Between us sinners and the thunderclouds of divine wrath stands the cross of the Lord Jesus. If we are Christ’s, through faith, then we are justified through his cross, and the wrath will never touch us, neither here nor hereafter. (156) 

  • Where are you tempted to shy away from thinking or talking about the wrath of God?
  • How does meditating on the wrath of God help us to treasure the grace of God more?
  • How does meditating on the wrath of God compel us to witness to our neighbor more?
Chapter 16


Note then the kindness and the severity of God: severity toward those who have fallen, but God’s kindness to you, provided you continue in his kindness. Otherwise you too will be cut off.” (Rom 11:22)

To rightly know God is to know the relationship between God’s goodness and severity.

What is the relationship between God’s goodness and God’s severity? In this chapter, Packer wants us to rightly know God by understanding the relationship between His goodness and severity. In doing so, he wants to appreciate God’s goodness, patience, and discipline in our lives (Heb 12:3-11; 2 Pet 3:8-9).

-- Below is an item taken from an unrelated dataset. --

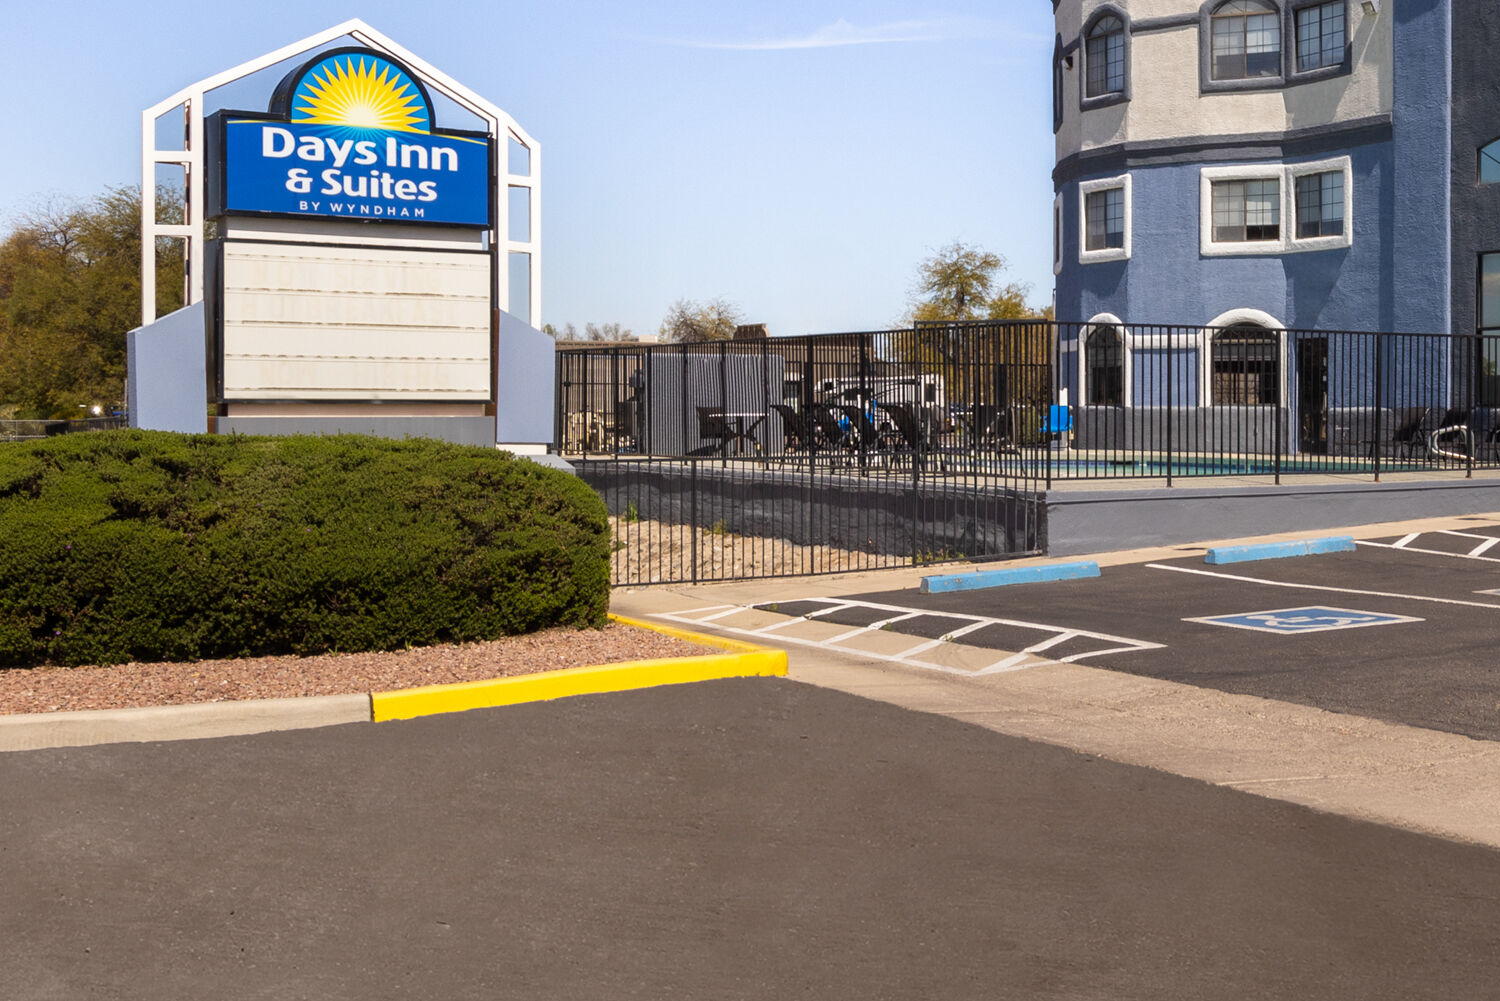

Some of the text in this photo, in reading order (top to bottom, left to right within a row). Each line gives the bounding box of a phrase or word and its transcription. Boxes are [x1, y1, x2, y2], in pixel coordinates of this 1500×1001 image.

[262, 126, 458, 171] Days Inn
[285, 168, 437, 201] & Suites
[300, 201, 425, 217] BY WYNDHAM

  1. Separating the goodness and severity of God. What is the danger in divorcing God’s goodness from God’s severity? Ultimately, it leads to a Santa Claus theology where “sins create no problem, and atonement becomes needless” (160). The problem with this dangerous thinking is that “it cannot cope with the fact of evil” because “a God who is all goodness and no severity tends to confirm men in a fatalistic and pessimistic attitude to life” (160). Therefore, when people divorce God’s goodness from His severity, they “say they believe in God, but they have no idea who it is that they believe in, or what difference believing in him may make” (159).
  2. Understanding the goodness and severity of God. What can rescue us from a life of despair when facing the problem of evil? It is only by understanding how the goodness and severity of God relate to one another according to Scripture. When Scripture talks about the goodness of God, it’s what prompts His “people to call him perfect, and in particular of the generosity which moves them to call him merciful and gracious and to speak of his love” (p. 161; Ps 107). When Scripture talks about the severity (“cutting off”) of God, it does so by pointing to how patient His severity is because “those who decline to respond to God’s goodness by repentance, and faith, and trust, and submission to his will, cannot wonder or complain if sooner or later the tokens of his goodness are withdrawn” (p. 164; Rm 2:1-5).
  3. Appreciating the goodness and discipline of God. How are we to appreciate the goodness and discipline of God in our lives as a believer? We appreciate the goodness of God by meditating that “Calvary is the measure of the goodness of God” (165). We appreciate the patience of God by learning “to marvel at his patience, and seek grace to imitate it in your dealings with others” (165). We appreciate the discipline of God by remembering that “it is a discipline of love, and it must be received accordingly” (p. 166; Ps 119:71; Heb 12:3-11).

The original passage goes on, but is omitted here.